The time Charles Blackman (1928-2018 ) spent in Queensland was central to his development as one of the most important Australian artists of his generation. It was during his early visits to Brisbane first in 1948 and then regularly from 1951, that the artist experienced the sense of intense personal discovery that was to launch his career trajectory.

Interior view, Spring Hill Brisbane 1951 is from this profoundly creative period in his oeuvre, and provides compelling evidence to demonstrate the major influence that Blackman’s sojourn in Queensland had on his career from the late 1940s.

Charles Blackman, Australia 1928-2018 / Interior view, Spring Hill Brisbane 1951 / Oil and enamel on board / 62.5 x 72.5cm / Purchased 2017 with funds from Wayne Kratzmann in memory of Olive and Noel Kratzmann through the Queensland Art Gallery | Gallery of Modern Art Foundation / Collection: Queensland Art Gallery | Gallery of Modern Art / © Charles Blackman/Copyright Agency

After resigning from a journalism cadetship at the Sydney Sun, Blackman hitchhiked to Brisbane in early 1948. He met the young artists of the Miya Studio, including Laurence Hope, Don Savage, and Laurence Collinson, and the closely affiliated group of Barjai writers, including Barrett Reid and, most significantly his wife-to-be, Barbara Patterson. Blackman’s association with young artists and writers greatly influenced his personal and artistic development.
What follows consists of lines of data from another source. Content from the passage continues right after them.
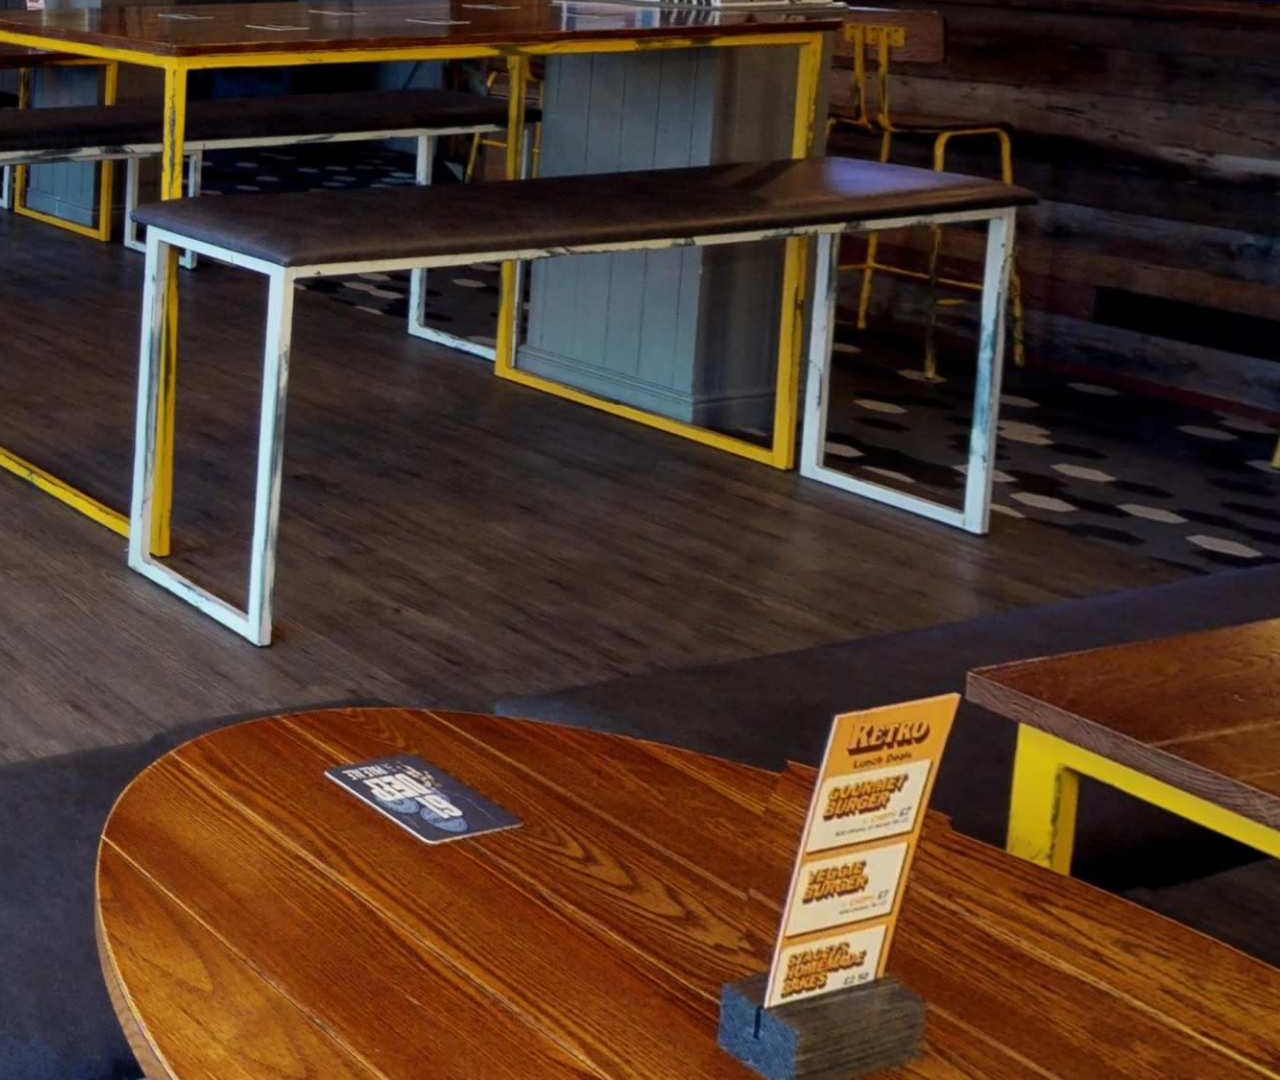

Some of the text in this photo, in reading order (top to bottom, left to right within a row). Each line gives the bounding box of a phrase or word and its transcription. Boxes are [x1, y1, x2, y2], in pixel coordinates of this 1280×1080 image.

[847, 721, 930, 756] RETRO
[828, 773, 909, 801] GOURMET
[823, 791, 891, 822] BURGER
[807, 860, 867, 886] VEGGIE
[802, 876, 869, 905] BURGER
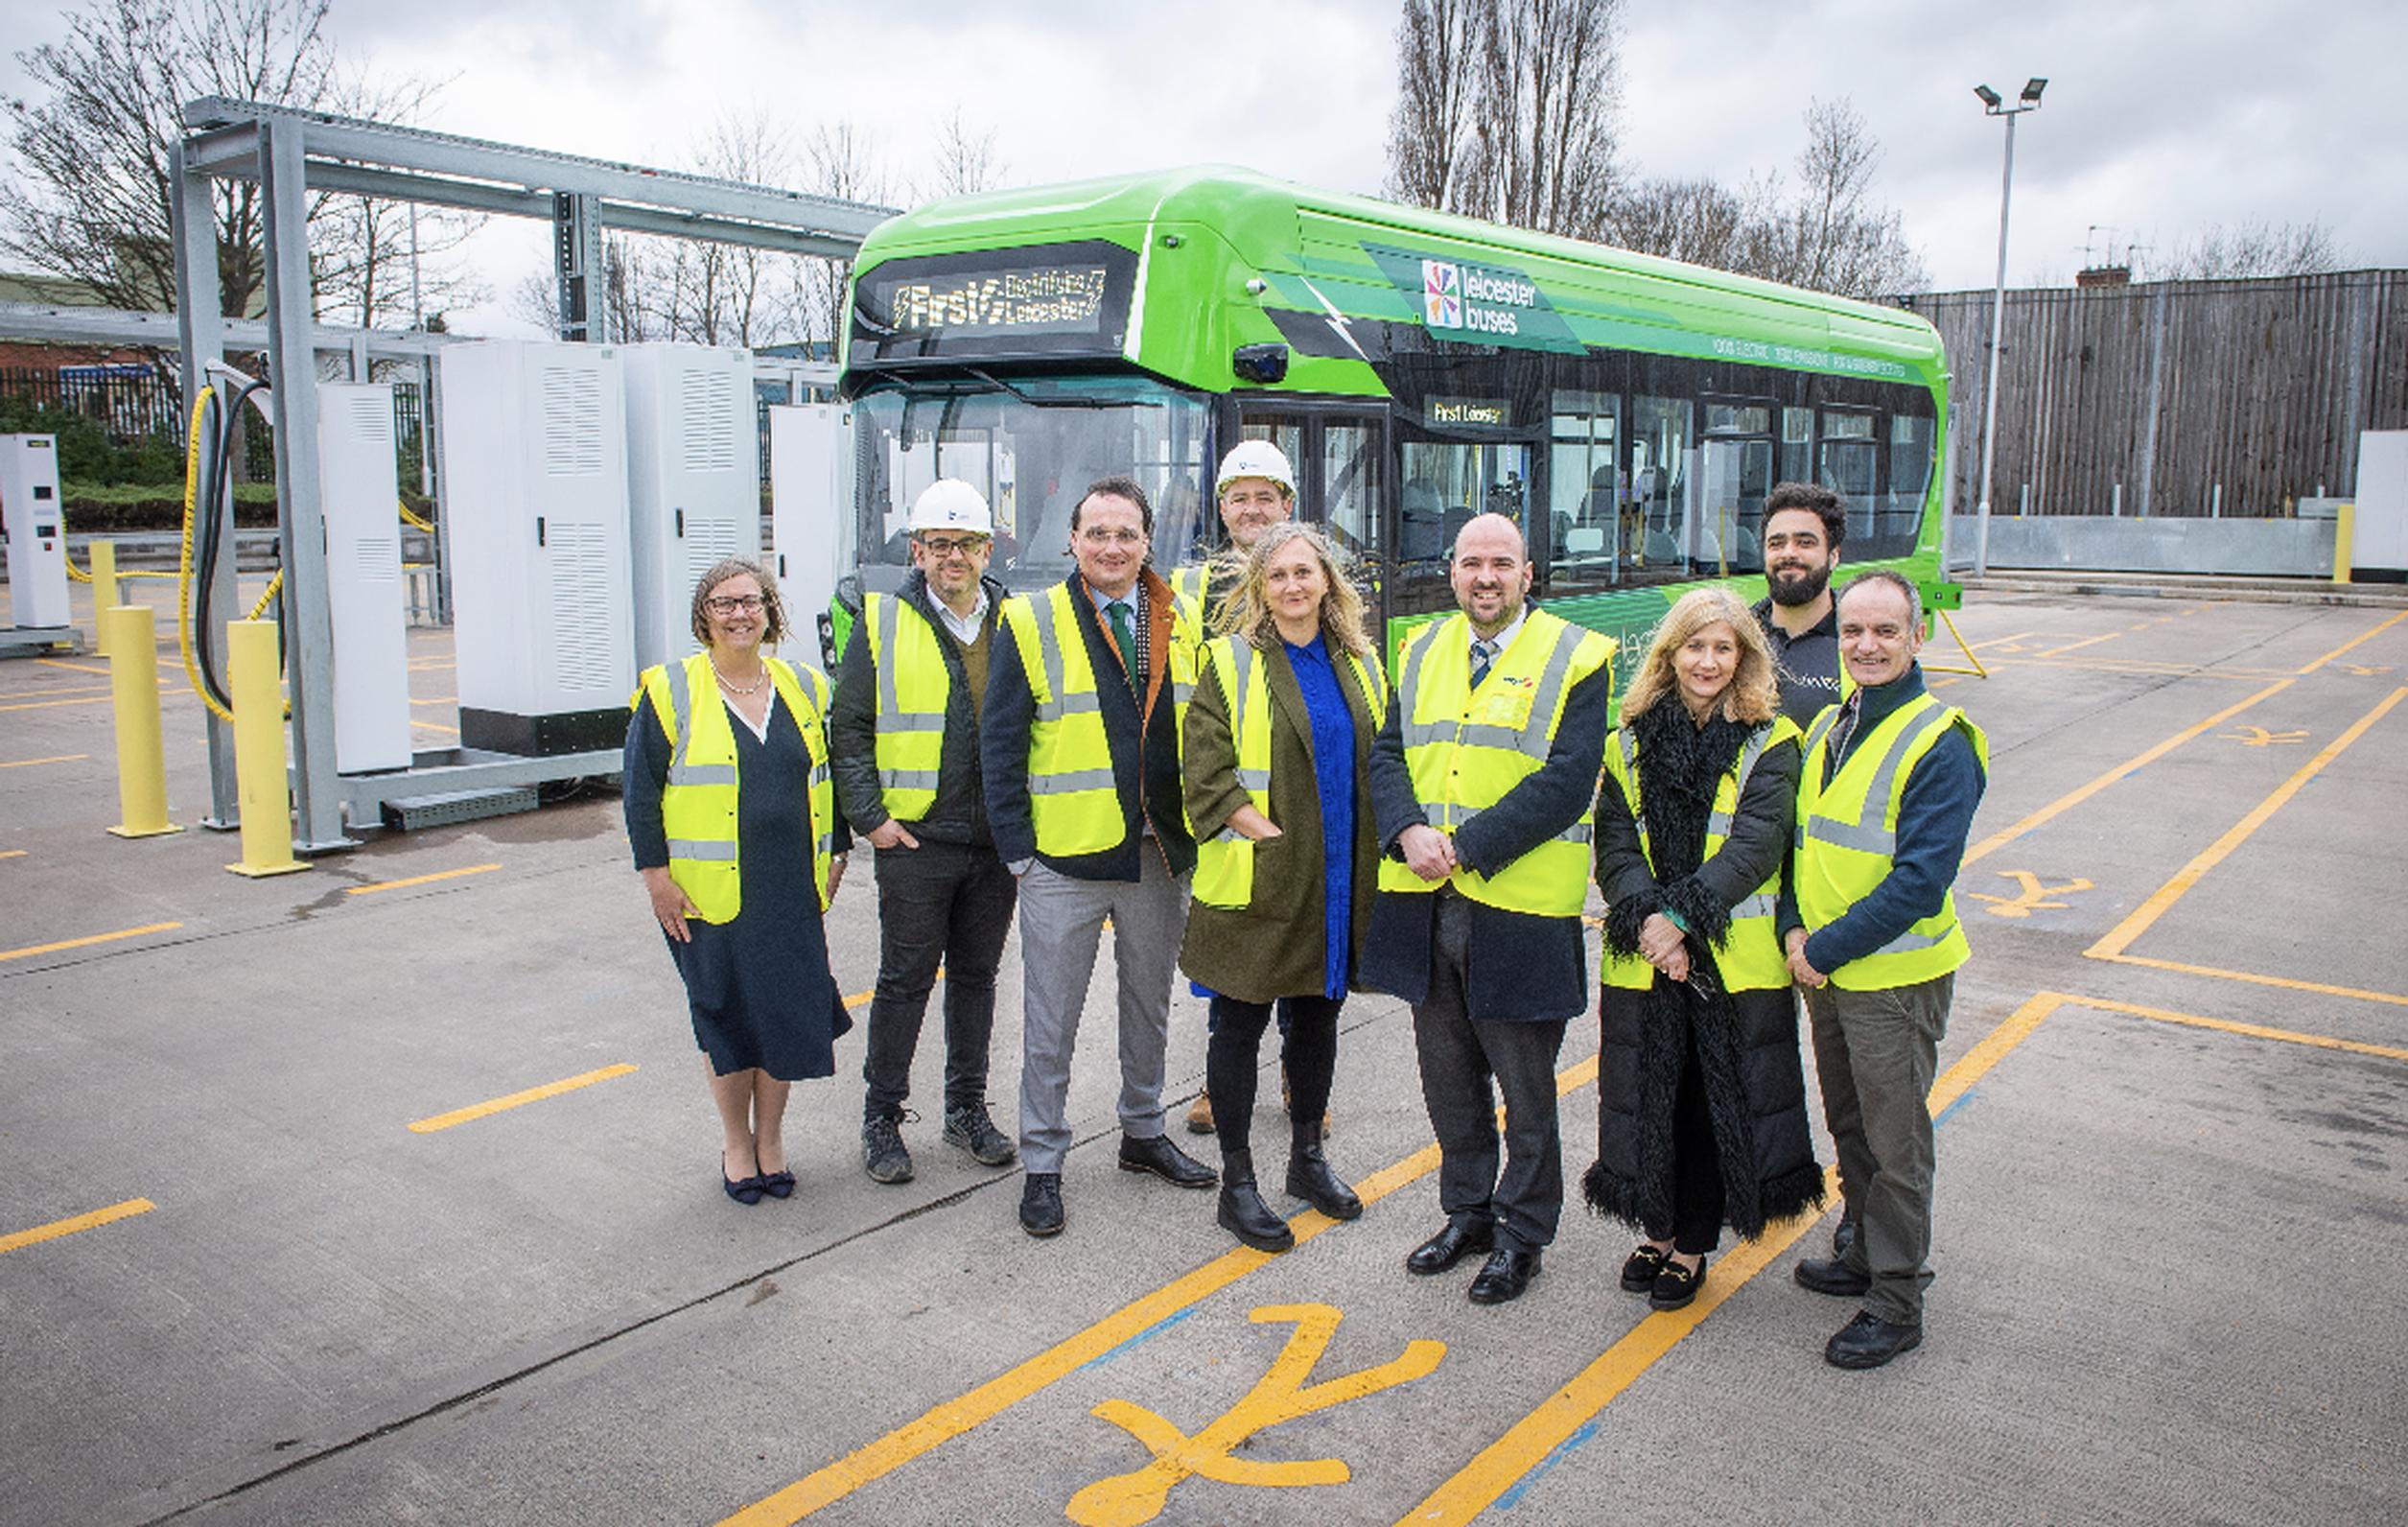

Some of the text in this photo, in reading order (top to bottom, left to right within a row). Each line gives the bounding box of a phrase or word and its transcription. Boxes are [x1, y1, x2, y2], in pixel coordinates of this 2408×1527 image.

[1461, 266, 1535, 307] leicester
[1465, 299, 1518, 336] buses
[1435, 402, 1461, 422] First
In 1950 Blackman reconnected with Patterson who was then living in Sydney, and the couple moved to Melbourne where they married on 18 June 1951. That year the couple travelled north for the winter to make their first visit to the poet Judith Wright and her husband Jack McKinney on Mt Tamborine. The couple’s union ensured an ongoing connection to Brisbane, Charles and Barbara travelling north for the winter to Barbara’s mother for several years. Blackman would later comment that ‘it wasn’t until Barbara and I were actually living together that I really started painting pictures’.1

Their marriage was to become a continuing source of nourishment and mutual development and Interior view, Spring Hill Brisbane is a lovely evocation of this connection, the figures of Barbara with bright yellow hair and red dress appears fused with the figure of Blackman, their faces blurred together as one. The opaqueness of the faces could also reference Barbara’s progressive blindness. Barbara’s condition taught Blackman not to rely solely on his visual engagement with the world, but to consciously experience it through all his senses, seeking to capture this heightened sensory engagement in his work. The painting effectively conveying a feel for the textures of the room, the ceiling light shade, mirror, flooring and empty chair, all in a child-like quality that Blackman achieved in his best work.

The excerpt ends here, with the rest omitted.